WHAT TO WORK ON ▸ Print out each entry without alteration, and keep the pictures out.

▬▬▬

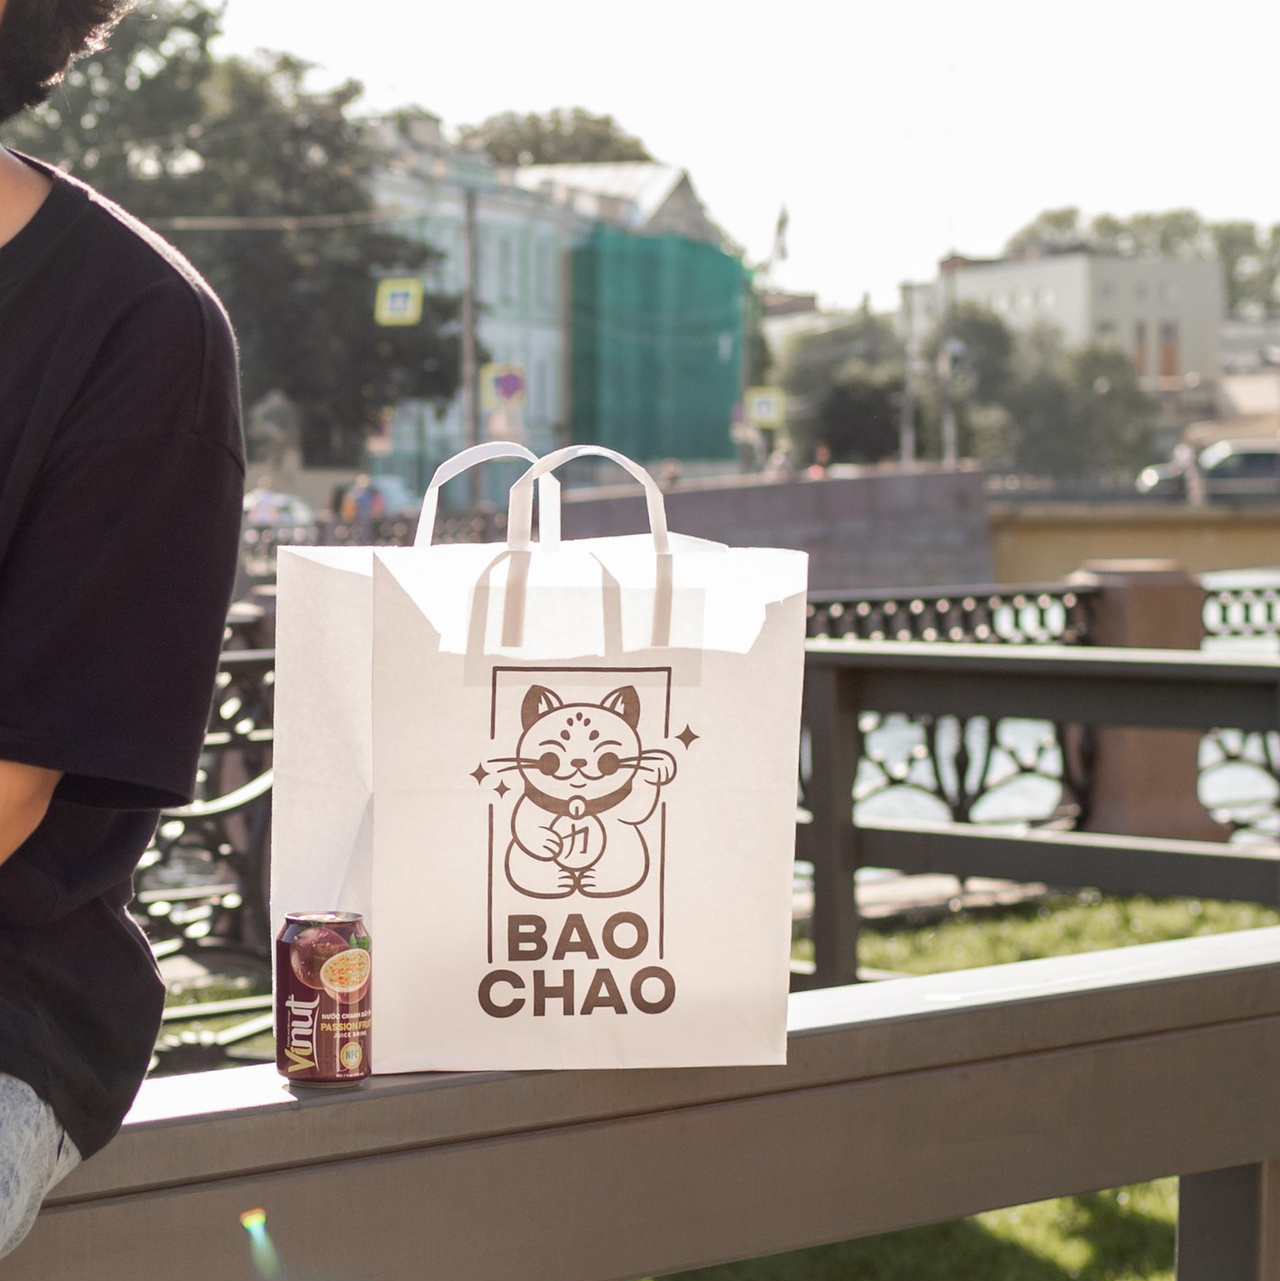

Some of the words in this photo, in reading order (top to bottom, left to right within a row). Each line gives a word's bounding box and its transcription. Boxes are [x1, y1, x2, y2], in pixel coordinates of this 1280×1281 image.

[562, 824, 589, 859] 力
[508, 911, 649, 961] BAO
[478, 966, 676, 1018] CHAO
[284, 994, 320, 1072] Vinut
[320, 1022, 358, 1031] PASSION
[346, 1050, 358, 1059] NFC
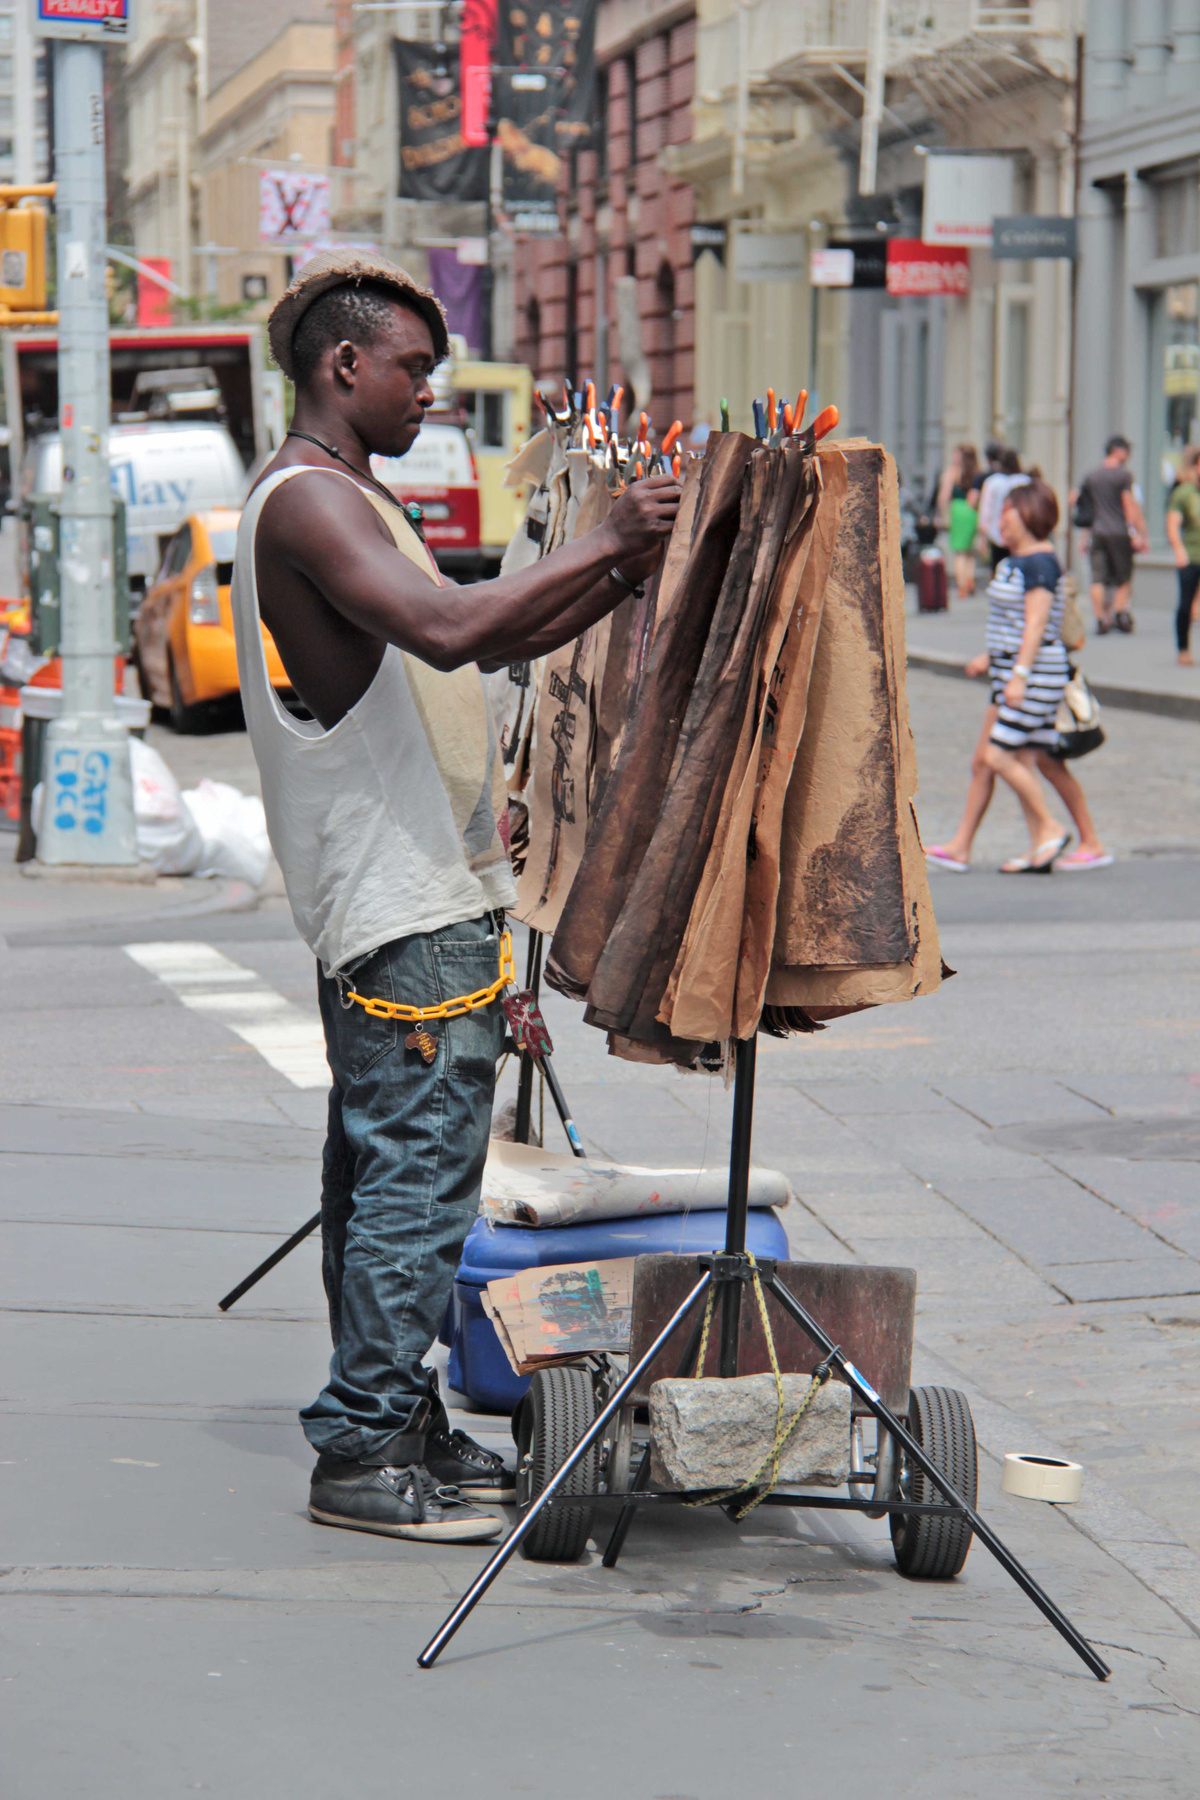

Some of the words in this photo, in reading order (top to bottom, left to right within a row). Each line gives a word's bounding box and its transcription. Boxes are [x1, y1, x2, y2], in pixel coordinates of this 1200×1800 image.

[46, 0, 120, 15] PENALTY
[54, 748, 80, 830] LOCO
[83, 750, 110, 835] GATO
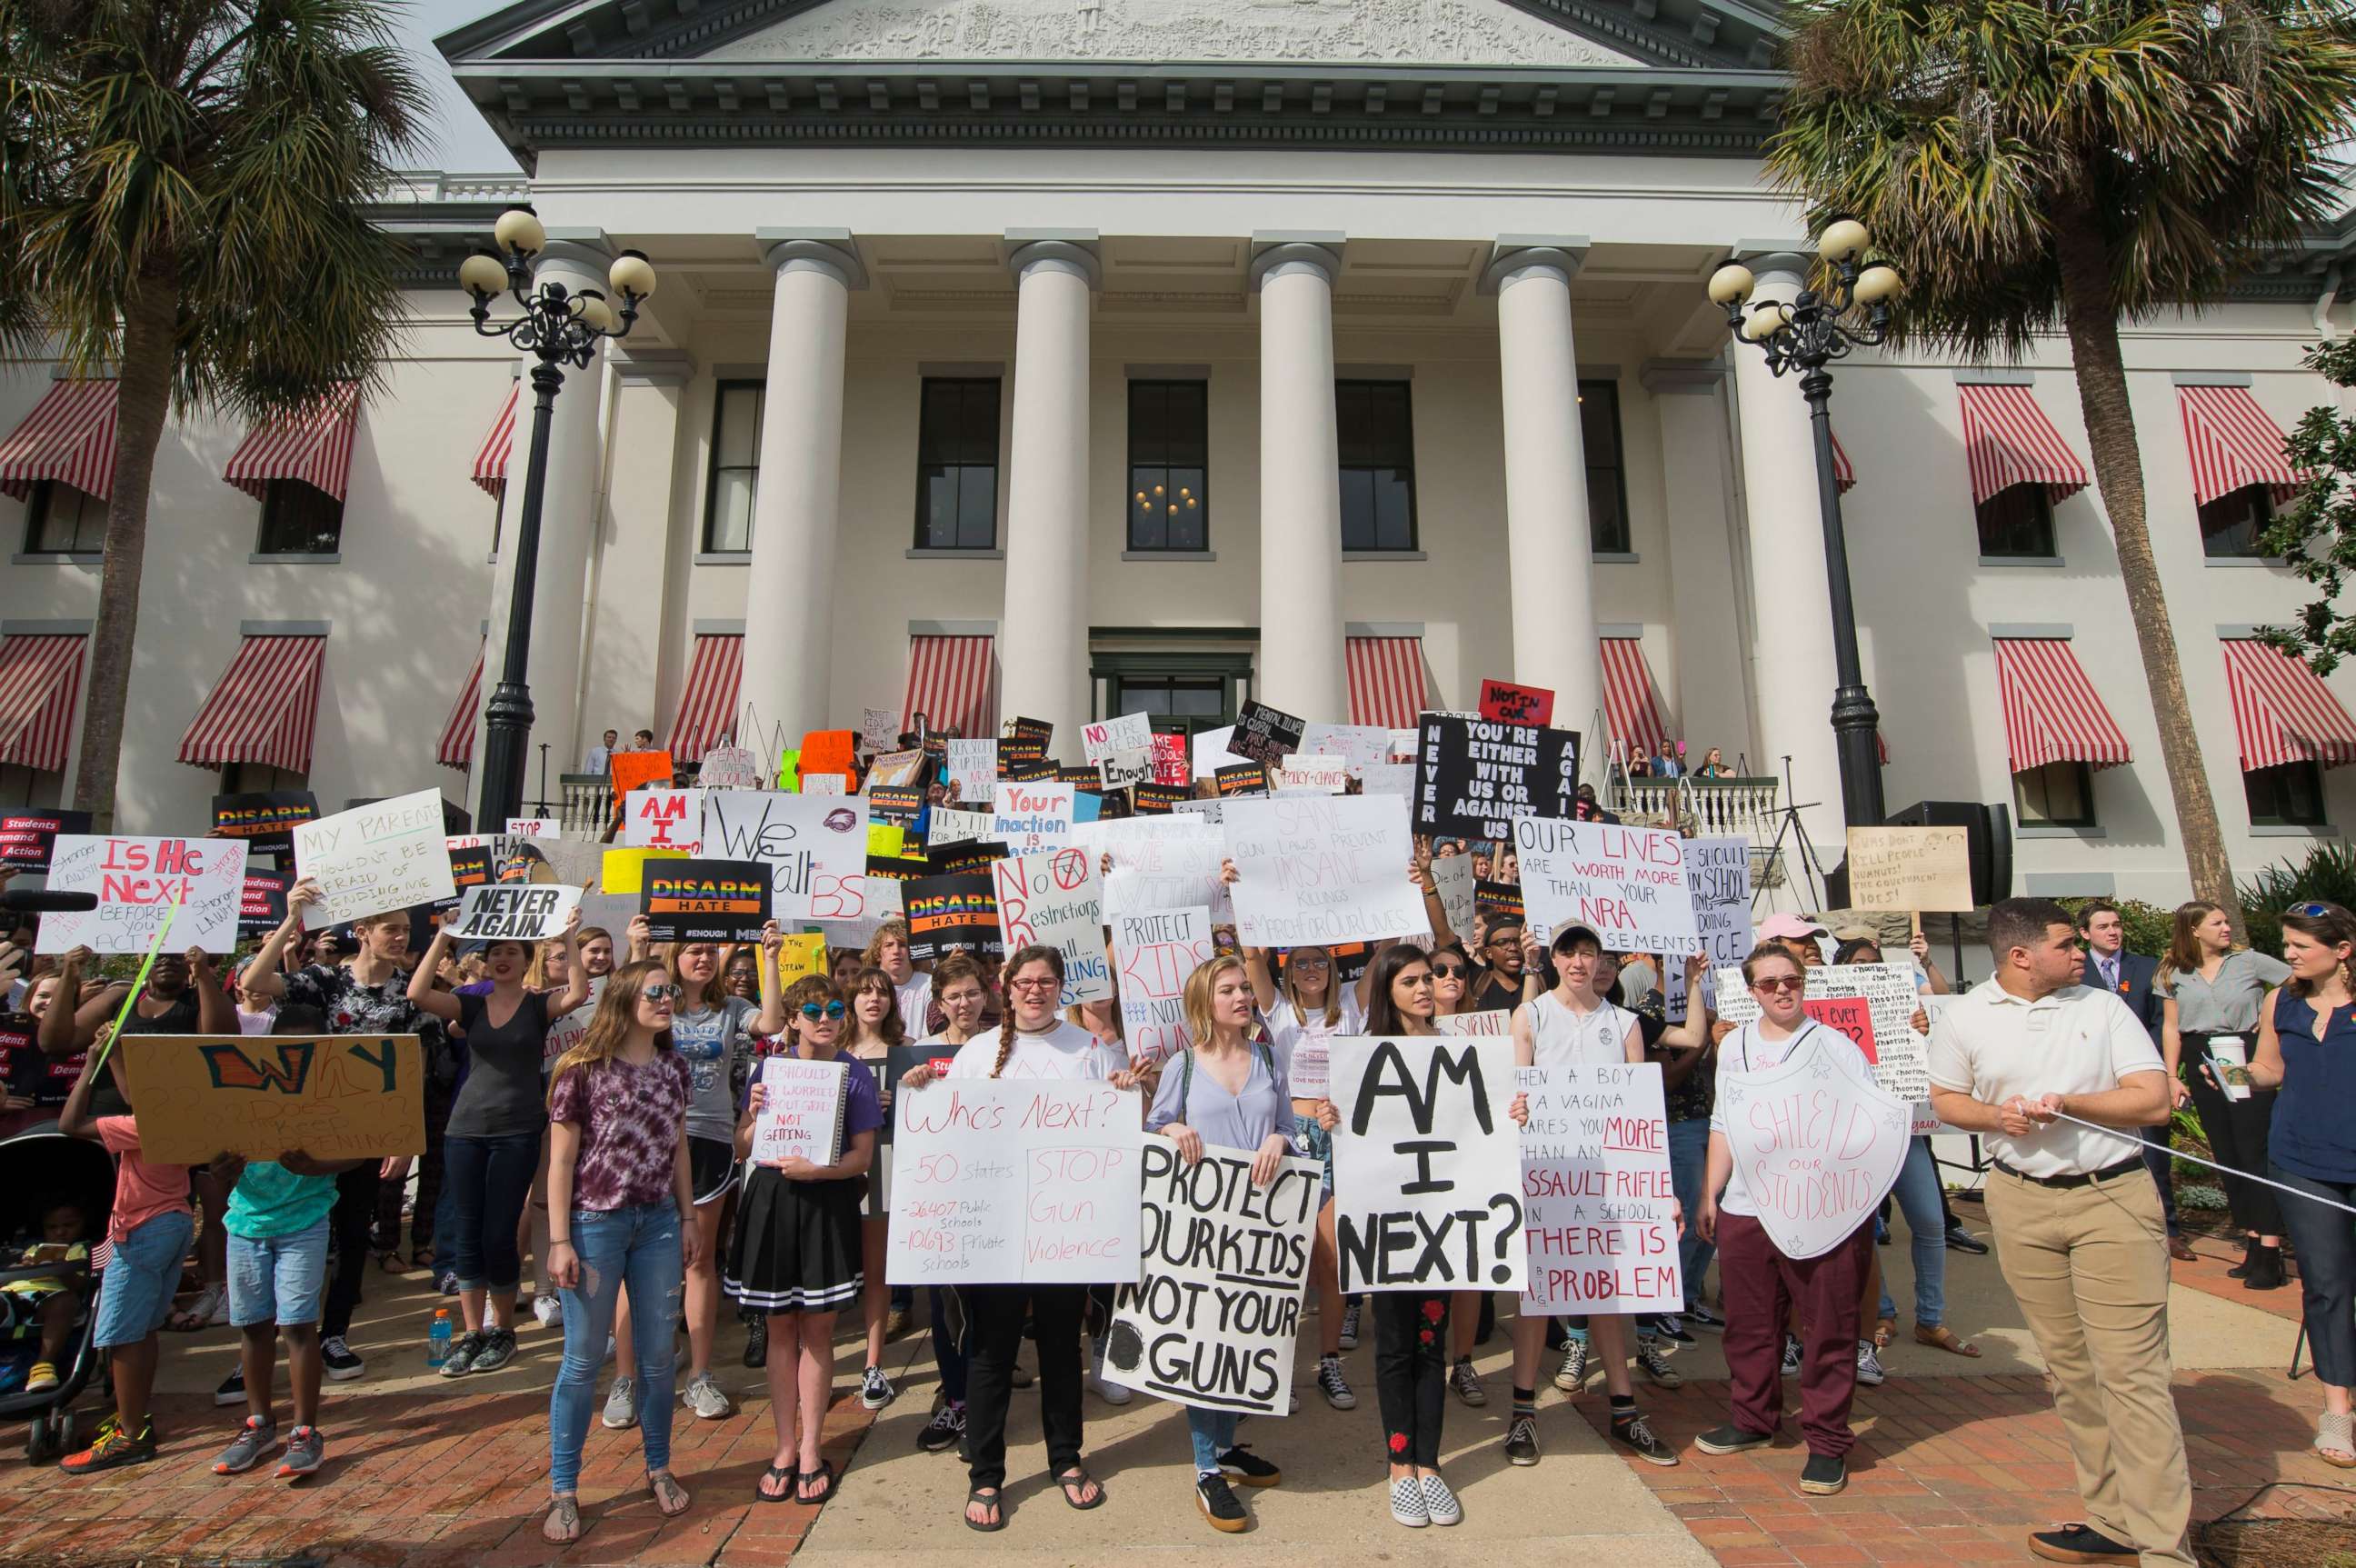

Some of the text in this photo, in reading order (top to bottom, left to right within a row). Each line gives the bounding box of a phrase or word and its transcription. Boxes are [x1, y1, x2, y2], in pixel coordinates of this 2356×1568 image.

▬▬▬

EXERCISE OUTPUT ▸
Some of the words in this photo, in reading order (top to bottom, left to right within a row). Each line gives a word's bounding box and its transcription. Boxes are [x1, y1, x2, y2], in pixel coordinates of this 1280×1281 image.

[562, 824, 589, 859] 力
[508, 911, 649, 961] BAO
[478, 966, 676, 1018] CHAO
[284, 994, 320, 1072] Vinut
[320, 1022, 358, 1031] PASSION
[346, 1050, 358, 1059] NFC

Some of the words in this photo, in reading order (top to bottom, left to right within a row). Each line gives a word's bounding box and its transcription. Boxes are [x1, y1, x2, y2], in pixel coordinates of this 1200×1800 image.

[46, 0, 120, 15] PENALTY
[54, 748, 80, 830] LOCO
[83, 750, 110, 835] GATO

Some of the text in this photo, in reading order (top to bottom, left to right within a row). Each line gives the bounding box of a phrase or word and its transcription. Boxes are [x1, y1, x2, y2], in pixel coordinates of this 2356×1568 image.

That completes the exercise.